There are two kinds of fears: RATIONAL and IRRATIONAL. Some makes sense, some don't-- well you're not really sure what they are but you sometimes feel that there's something sketchy about it. For instance, being afraid of the boogieman is totally rational, because there may be a creepy monster under your bed, ready to scare and eat you alive. But fear of the future is irrational fear. Well, future is really unpredictable, it really depends on what we do now. We always have a thought in our head that we'll be rich or maybe we will meet someone perfect for us someday but again, we don't know. So it's completely irrational to be terrified of it. It's like a hiding it's true nature.
Here's the story. I was a victim of a reckless planning. I thought dreaming big could lead me to bigger success. Unfortunately, I was wrong. I was drowned by my own dream that I forgot other opportunities, other people, my country. I was selfish and a pain in the ass. I got so scared on what exactly will happen to my future if I stay, so I thought big! I left those who cared to me the most because I thought I could give them extravagant life afterwards. Yet again, I was wrong.

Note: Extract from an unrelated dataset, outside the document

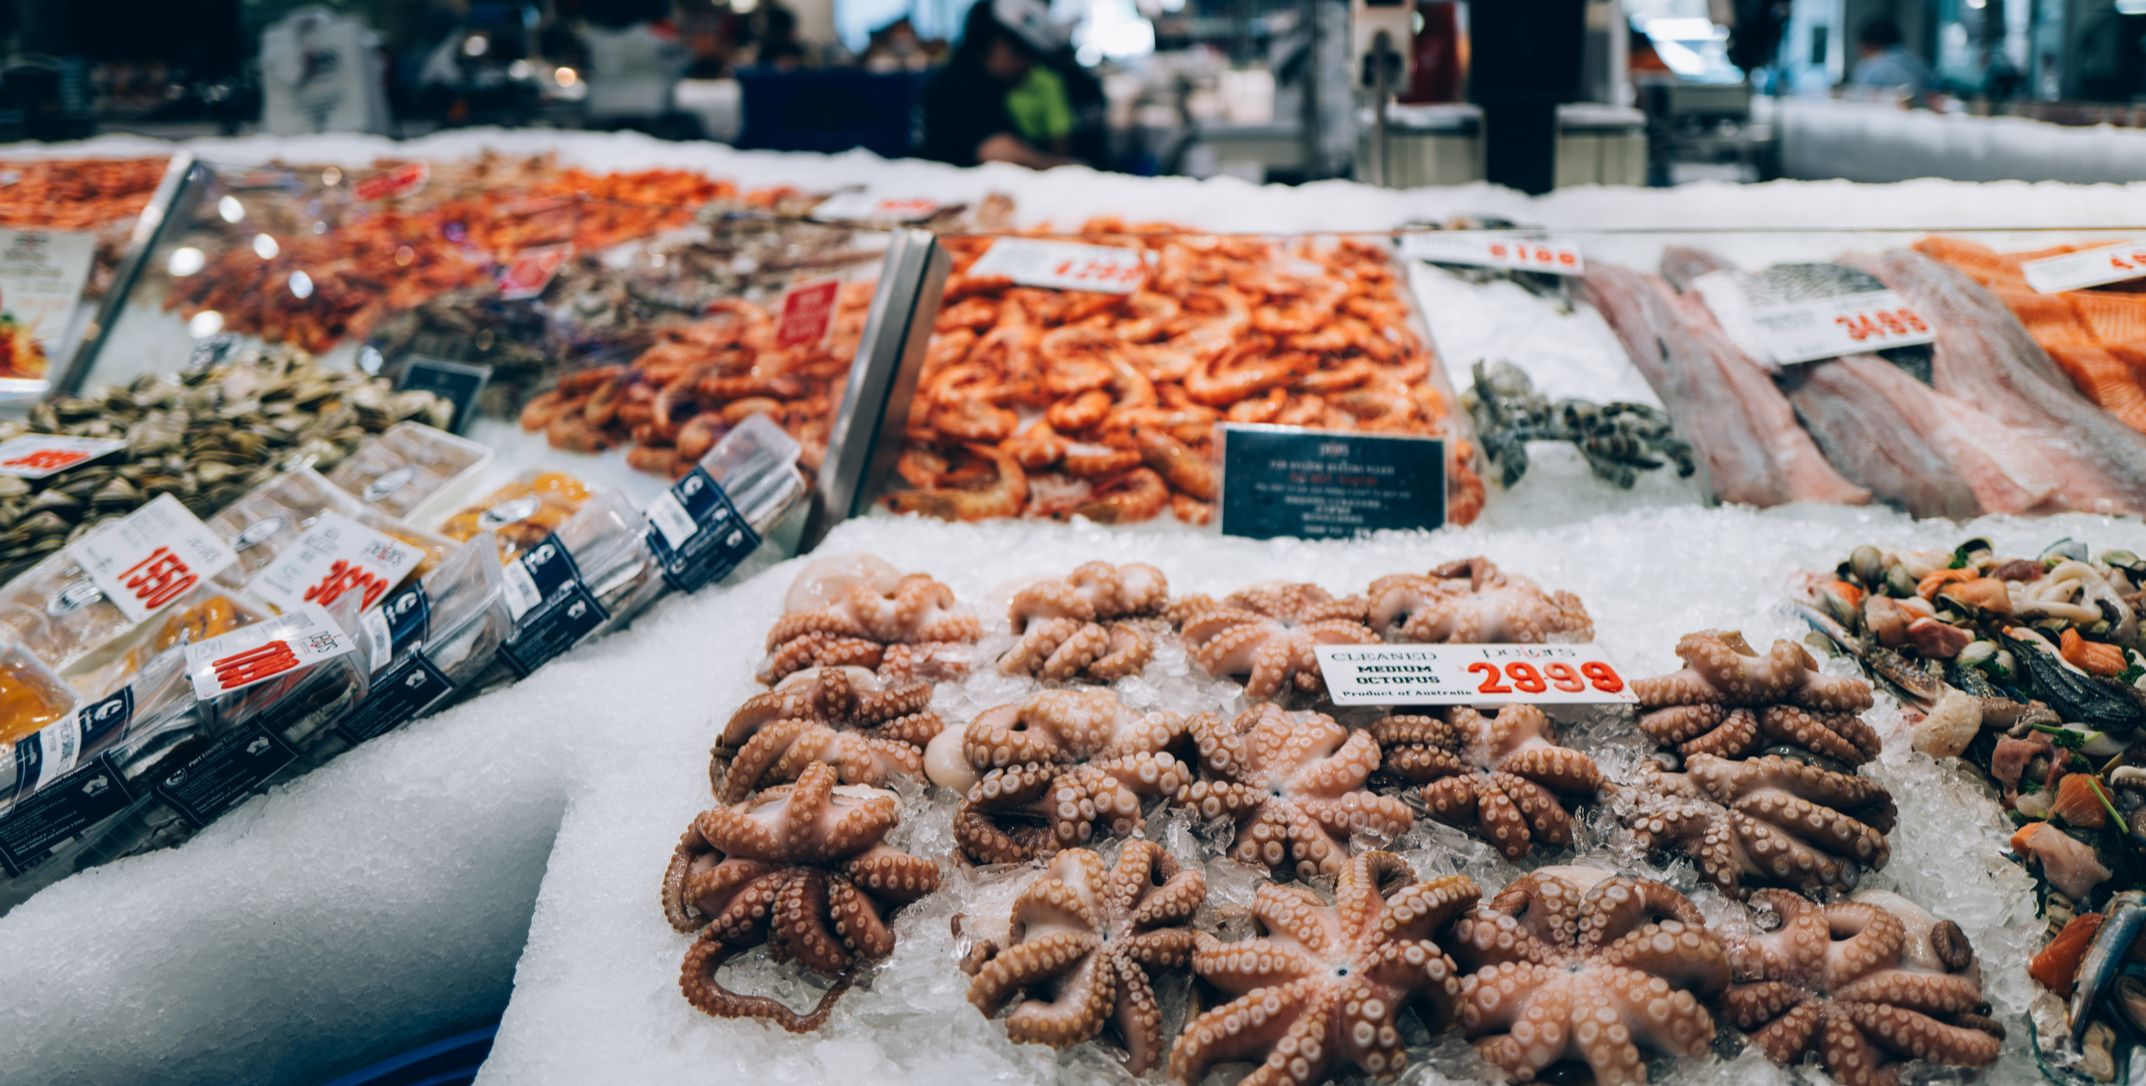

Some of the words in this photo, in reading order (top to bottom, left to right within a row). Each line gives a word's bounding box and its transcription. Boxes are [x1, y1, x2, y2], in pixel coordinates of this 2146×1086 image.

Early in 2014, I and my two other friends decided to get a job in Singapore, the place where many (literally many) Filipinos strive to work to earn $$$. We thought it was easy. I thought it was the dream that could save me and say "I'm experiencing financial freedom at an early age.....

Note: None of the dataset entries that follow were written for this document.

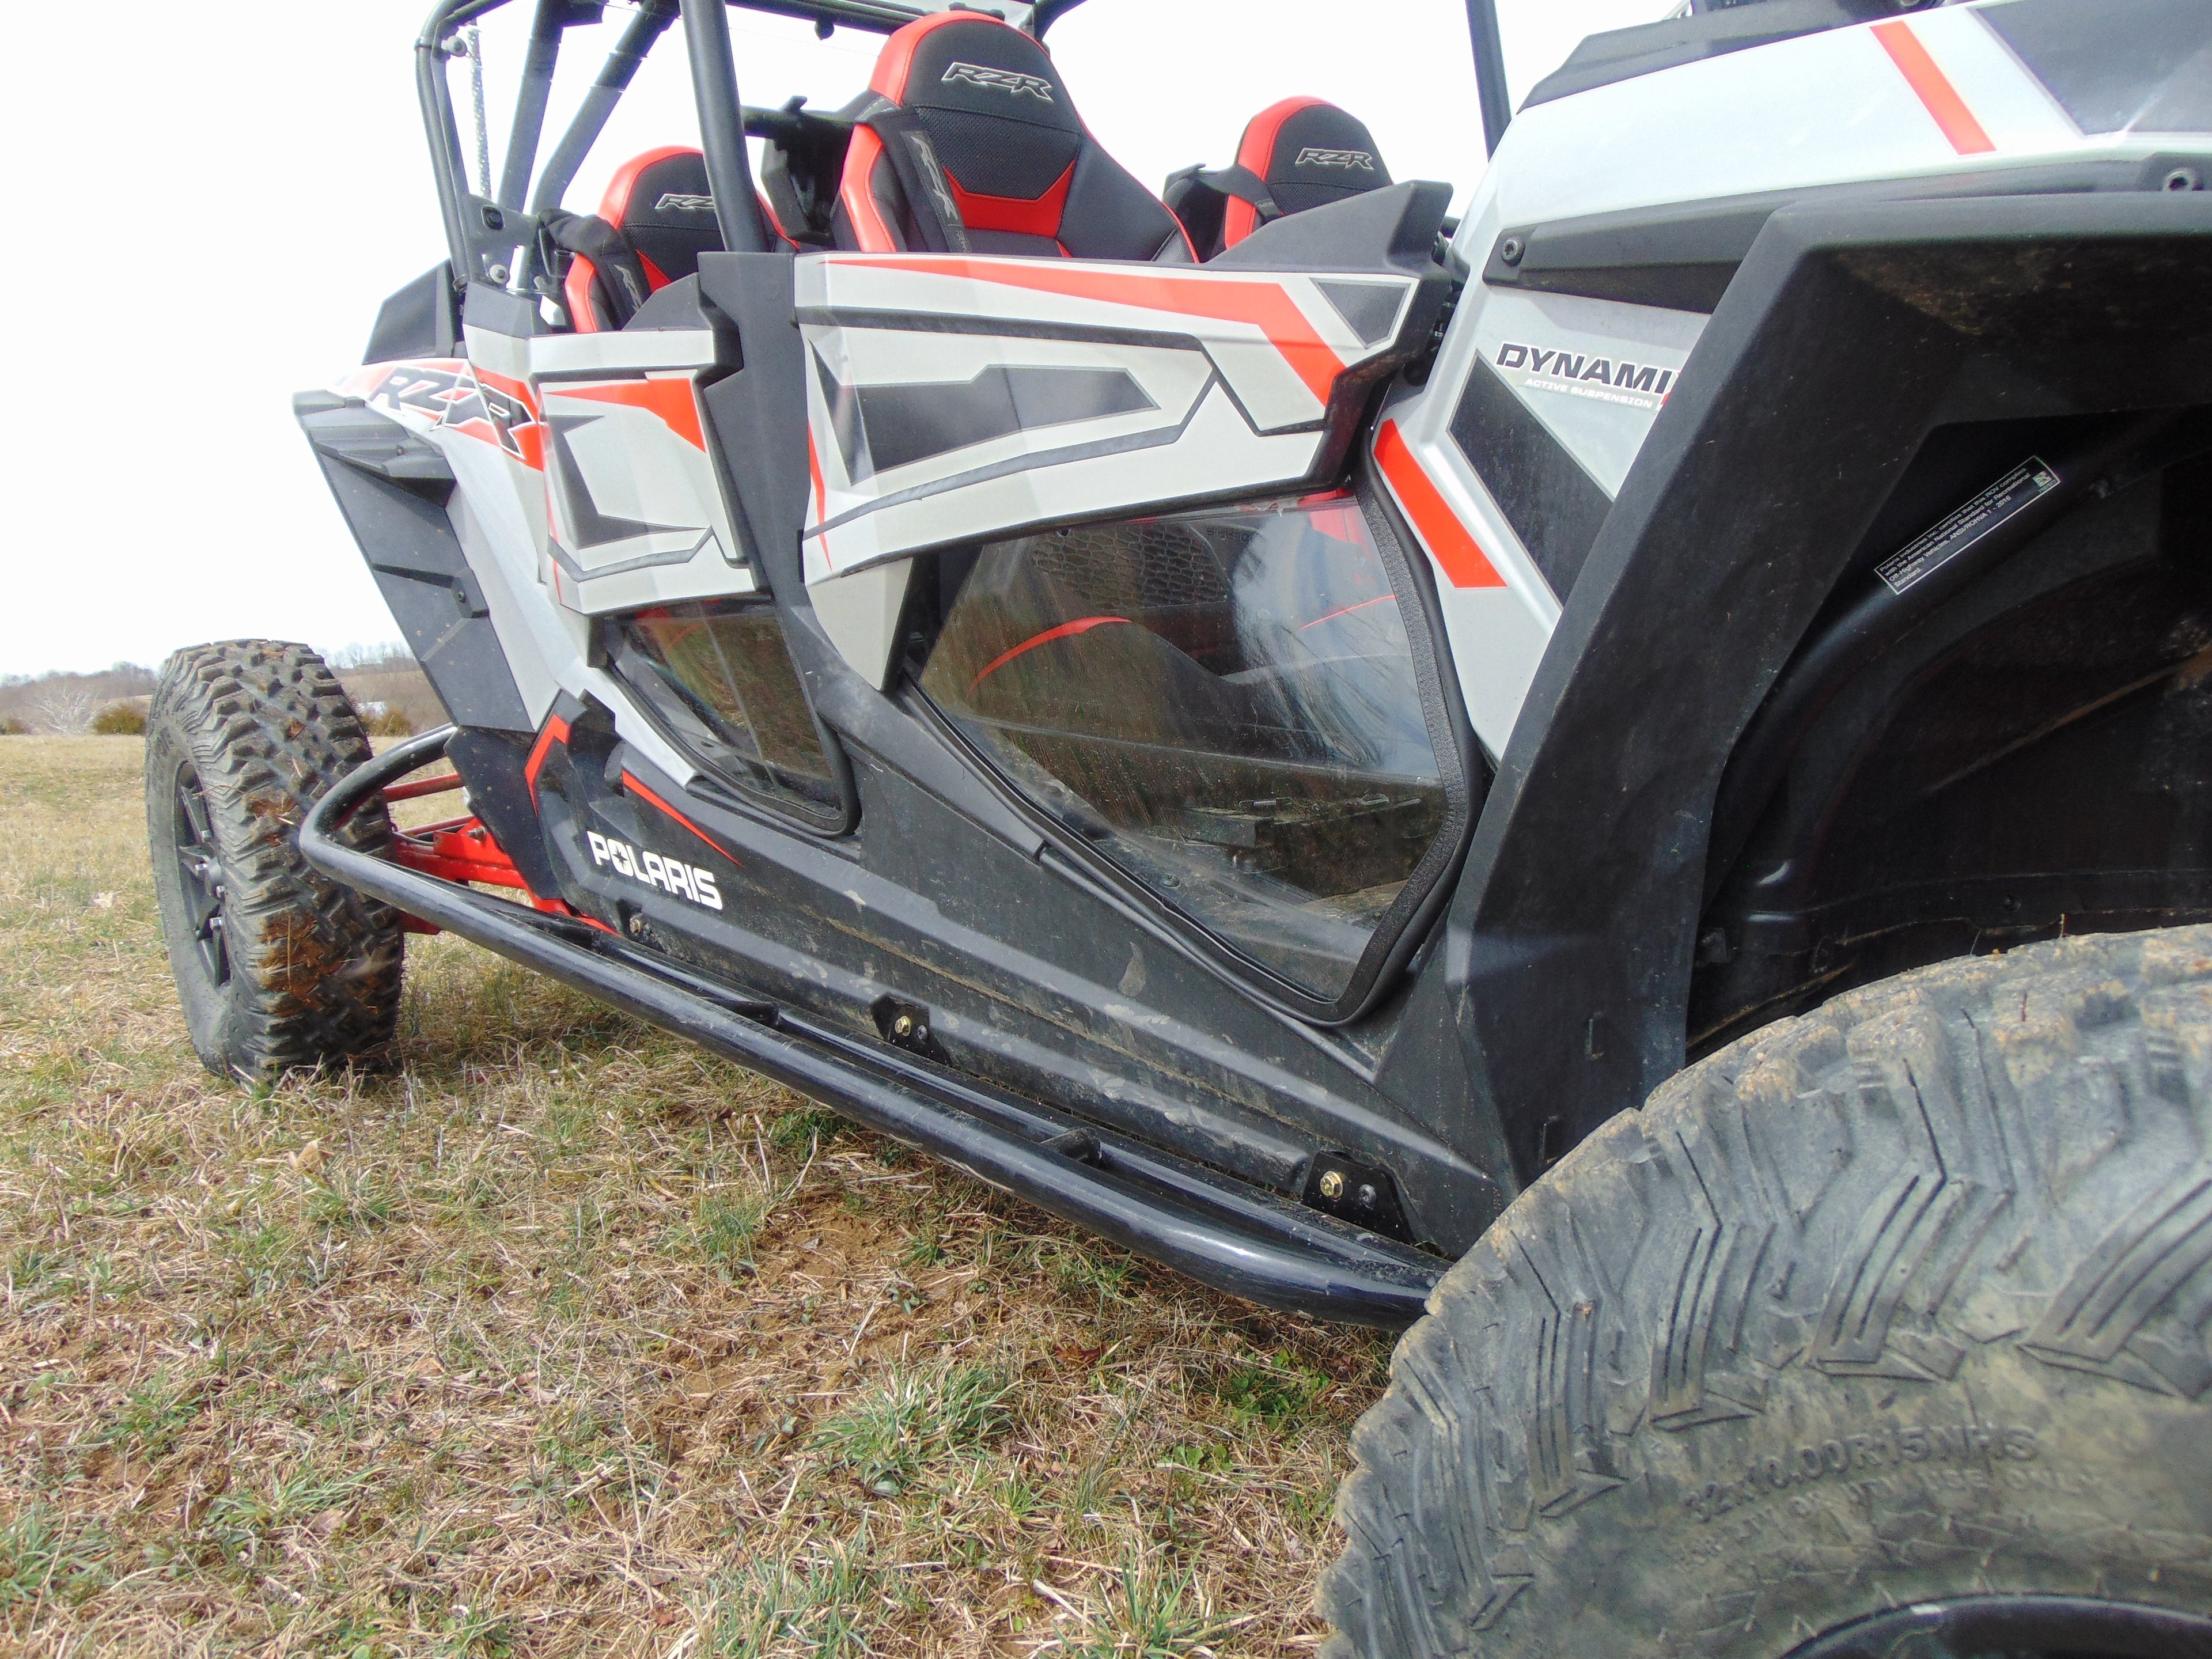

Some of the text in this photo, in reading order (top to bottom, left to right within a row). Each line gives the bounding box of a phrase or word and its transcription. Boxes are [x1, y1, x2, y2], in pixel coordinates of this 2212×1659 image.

[941, 62, 1054, 103] RZR
[1295, 147, 1374, 171] RZR
[654, 194, 716, 211] RZ
[613, 264, 642, 312] RZ
[1496, 342, 1680, 402] DYNAMI
[1524, 378, 1653, 408] ACTIVE SUSPENSION
[368, 366, 537, 461] RZR
[1879, 467, 2027, 572] Polaris Industries Inc. certifies that this ROV complies
[1884, 472, 2031, 577] with the American National Standard for Recreational
[1888, 555, 1925, 582] Off-Highway
[1923, 537, 1950, 558] Vehicles,
[1948, 511, 1988, 540] ANSI/ROHVA
[1994, 494, 2012, 507] 2016
[1893, 566, 1922, 588] Standard.
[586, 831, 723, 910] POLARIS

Whenever I tell people that I'll work in Singapore, the usual reaction is "Wow! Ang galing naman. Yayaman ka dun." Okay, have you known me 100% as a person? I'm a walking-talking disaster and not everyone in abroad are rich. I just realized, we were so startled to live abroad that we forget how great it is to live in our own country. We get so caught up in the "Filipino Dream", to fly to a foreign country that we didn't even study how good our country is if we would stay.
I applied for 200+ job applications there and I got 6 interviews but none of them made me feel it's a worthwhile career/life head-start. Luckily, the night before my flight, I was given an information that there's an opening to the only company here that I want to work for (actually, during my long months of planning, I forgot how much I want to work there) so I also passed my CV there while I'm also in SG. During my days of waiting for an interview, I got a call in the PH about my job application. They were asking for my availability. At first, I was hesitant to accept it because I was still closed-minded about working there. After some days, I realized how tough it was to live there and how inexperienced I am with life and my dream job positions.

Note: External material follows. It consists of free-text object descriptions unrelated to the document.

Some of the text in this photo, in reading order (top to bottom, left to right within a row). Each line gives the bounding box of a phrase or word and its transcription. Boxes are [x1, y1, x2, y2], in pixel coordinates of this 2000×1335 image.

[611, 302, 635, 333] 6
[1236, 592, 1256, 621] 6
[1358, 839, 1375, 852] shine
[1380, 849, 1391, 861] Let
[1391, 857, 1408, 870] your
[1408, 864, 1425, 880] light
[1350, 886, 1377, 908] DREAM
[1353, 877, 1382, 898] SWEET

I decided after so many persuasions from my family and boyfriend that it was time for me to go home. When my thoughts cleared up, I saw what people want me to understand before. The moral story is to NEVER EAT APPLES without knowing the consequence. After less than 2 weeks, I decided to book for a flight but we decided to just use the remaining days to tour around.
My experience is somewhat small for some of you but it means a lot for me knowing that my future was depending on that choice. However, on the bright side-- God wouldn't have made me have a short-dark experience unless he was trying to tell me something.